Problem statement:
Repeat the entries that appear below, exactly as they are given.

Data provided:
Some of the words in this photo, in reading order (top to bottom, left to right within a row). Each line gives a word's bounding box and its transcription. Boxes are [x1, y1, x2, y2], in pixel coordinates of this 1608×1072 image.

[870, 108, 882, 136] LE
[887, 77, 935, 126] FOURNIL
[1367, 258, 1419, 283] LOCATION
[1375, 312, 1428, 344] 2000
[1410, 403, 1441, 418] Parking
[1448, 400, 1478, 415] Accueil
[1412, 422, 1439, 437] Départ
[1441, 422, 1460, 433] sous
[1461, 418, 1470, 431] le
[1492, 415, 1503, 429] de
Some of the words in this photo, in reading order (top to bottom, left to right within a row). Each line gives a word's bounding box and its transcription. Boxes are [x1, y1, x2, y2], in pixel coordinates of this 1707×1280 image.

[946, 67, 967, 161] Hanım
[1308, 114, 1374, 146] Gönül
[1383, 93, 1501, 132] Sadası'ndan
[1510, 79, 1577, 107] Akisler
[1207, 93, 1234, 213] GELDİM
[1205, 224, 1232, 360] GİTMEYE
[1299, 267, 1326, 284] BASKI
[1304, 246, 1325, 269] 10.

Task output:
Some of the words in this photo, in reading order (top to bottom, left to right within a row). Each line gives a word's bounding box and its transcription. Boxes are [x1, y1, x2, y2], in pixel coordinates of this 1608×1072 image.

[870, 108, 882, 136] LE
[887, 77, 935, 126] FOURNIL
[1367, 258, 1419, 283] LOCATION
[1375, 312, 1428, 344] 2000
[1410, 403, 1441, 418] Parking
[1448, 400, 1478, 415] Accueil
[1412, 422, 1439, 437] Départ
[1441, 422, 1460, 433] sous
[1461, 418, 1470, 431] le
[1492, 415, 1503, 429] de
Some of the words in this photo, in reading order (top to bottom, left to right within a row). Each line gives a word's bounding box and its transcription. Boxes are [x1, y1, x2, y2], in pixel coordinates of this 1707×1280 image.

[946, 67, 967, 161] Hanım
[1308, 114, 1374, 146] Gönül
[1383, 93, 1501, 132] Sadası'ndan
[1510, 79, 1577, 107] Akisler
[1207, 93, 1234, 213] GELDİM
[1205, 224, 1232, 360] GİTMEYE
[1299, 267, 1326, 284] BASKI
[1304, 246, 1325, 269] 10.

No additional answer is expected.